Plus, God’s mission to share it as observed through Moana

 

“If the voice starts to whisper to follow the farthest star, that voice inside is who you are.” – Moana’s Grandma

 

What’s your calling from God?

Ever looked down the path in the direction to which God is nudging you onward, and you can almost hear an imaginary forecaster in your head say, “more dense fog today”? My hand is raised. The road ahead can be hazy. The white mist has descended, settled in for the long haul and it’s clouded up the entire scene before me.

 

Even when the fog lifts and I see more clearly God’s exact plan for how He wants to use me, I lack understanding of how I am going to get there. Paralyzed by doubt, fear or logistical concerns, I just can’t seem to take the first step toward it. Which is the right first step anyway?
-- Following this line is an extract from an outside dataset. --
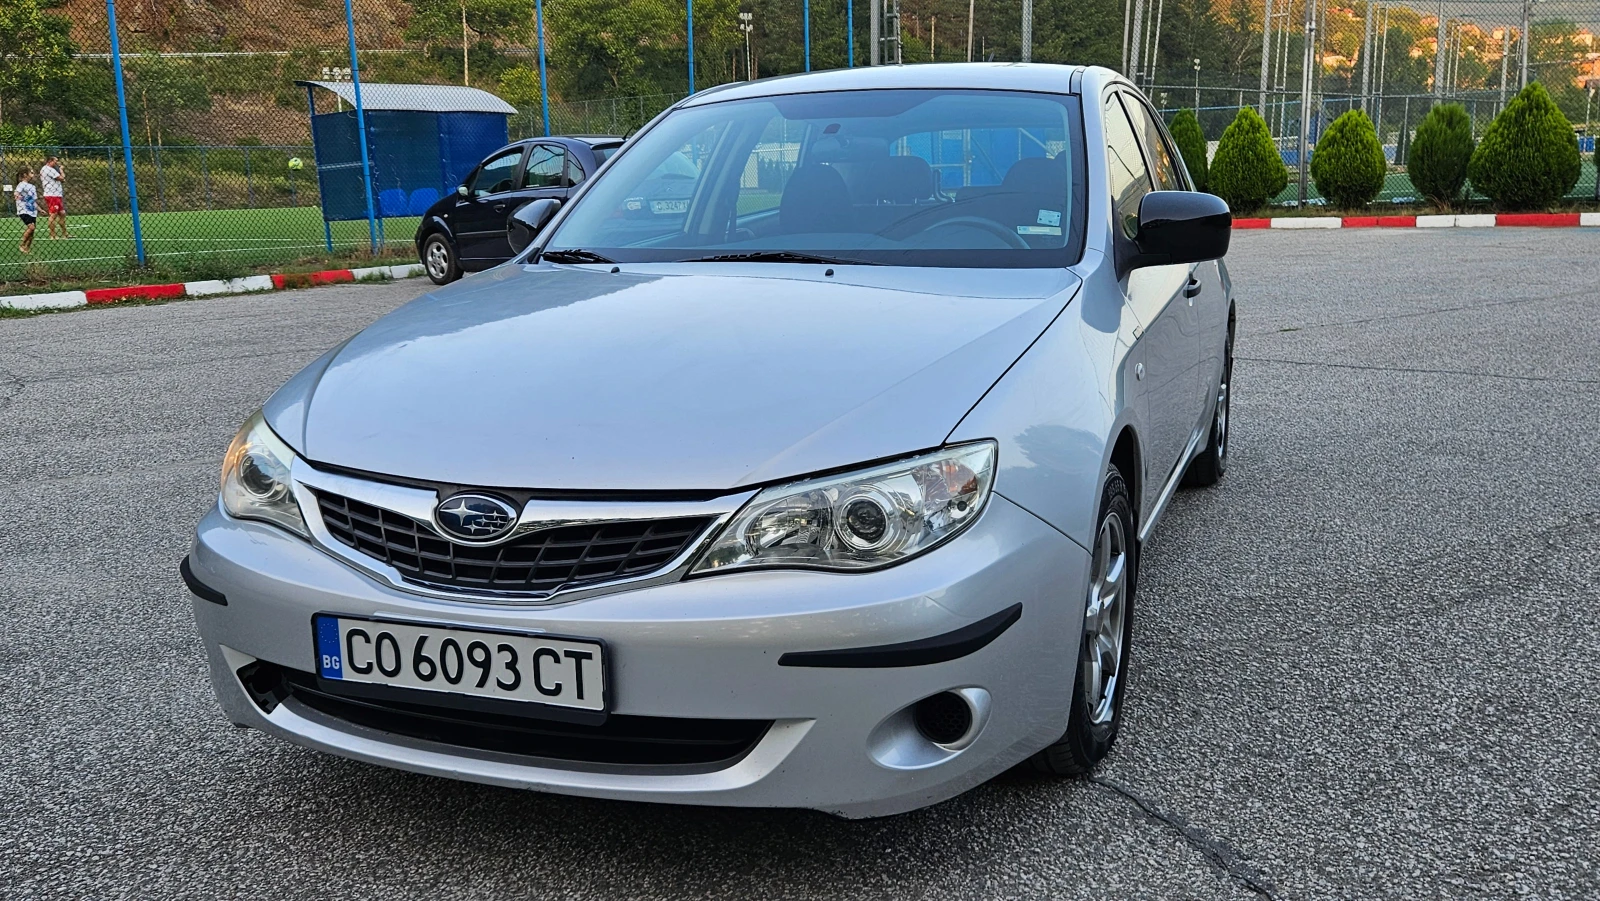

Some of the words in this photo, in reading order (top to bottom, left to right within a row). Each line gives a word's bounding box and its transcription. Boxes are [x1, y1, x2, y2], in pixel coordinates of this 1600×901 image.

[322, 654, 340, 670] BG
[346, 628, 401, 677] CO
[413, 635, 522, 691] 6093
[533, 647, 593, 700] CT
There are multiple laid before me: which one begins the trail that will lead me there the quickest or most painlessly? (I’m not getting any younger, so efficiency on the path seems to matter at this point.)

 

That’s me. What about you? Maybe you’ve overcome the fog, cleared the brush and started down a path, but once you got a little way into it, you became absurdly attuned with your inadequacies. Thoughts of I’m not the one. I don’t have what it takes. Why would He choose me for this?  bombarded your mind.

 

Ever looked down the path in the direction to which God is nudging you onward, and you can almost hear an imaginary forecaster in your head say, “more dense fog today”?

 

Moana gets it. In the Disney animated feature film with the same name, there is a spiritual way about which the ocean waters call to this passionate princess. She is acutely aware of a strong force leading her toward the ocean’s waves (and past the reef) all the time. She is practically still a child when she learns she is the chosen one: the ocean chose her to fulfill a life-giving mission of divine proportions.

 

 

God (not the ocean) has placed a calling on your life. It may not look like what others around you are doing. In Moana’s case, she had to fight to overcome beliefs long held by the people of her island that discouraged her from ever taking the first stroke of an oar onto her heroic journey. Once she is on the journey, the demigod Maui, her partner in crime, though not by choice, mocks her. He questions whether she has the credentials to be a contender in the conquest and tells it to her face. When Moana’s journey takes an unexpected turn, she questions even the help of the ocean itself. “I said, ‘Help me! she spouts off indignantly at the sea when its storm washes her ashore a seemingly deserted island. (She doesn’t realize until later that the raging seas actually brought her directly to her first destination: to where Maui resides.) From Moana’s excursion and our own, we learn that if it’s a calling worth taking, it most likely won’t be easy.

 

Fellow blogger Dalaina May writes in her Theology of Moana post, “I resonate with the excitement and terror of Moana’s first venture into the sea, the wild joy of freedom followed swiftly by fear that it was all a terrible idea.”

 

Moana, too, has her doubts. One of the central themes of the entire movie is that along with the supporting characters, Moana must find out who she is before she is fully capable of fulfilling her mission. The destination is to free the island goddess, Te Fiti by helping return her stolen heart, which was once full of life and light. However, an equally worthy outcome is Moana discovering her identity, walking into her purpose and living out her destiny.

 

Though it’s thought otherwise, Maui can’t deliver the heart because Moana IS the heart. The ocean itself could have delivered the glowing stone, but it chooses instead to place it in the hands of Moana…as a TODDLER. She is uniquely equipped. Through her own healing, she is going to deliver it in a kind of way that truly heals.

 

Dalaina continues:

“’The call isn’t out there at all, it’s inside me…I am Moana.’ This declaration (from the song “I am Moana”) isn’t arrogance. When we understand that we are God’s beloved, uniquely and perfectly made, called to the wildness of His sea, there isn’t much left to do but walk in that knowledge. It changes everything. It empowers us to do what feels absurdly difficult. It allows us to live beyond ourselves for the good of others. It gives birth to joy and peace and love.”

 

When we understand that we are God’s beloved, uniquely and perfectly made, called to the wildness of His sea, there isn’t much left to do but walk in that knowledge.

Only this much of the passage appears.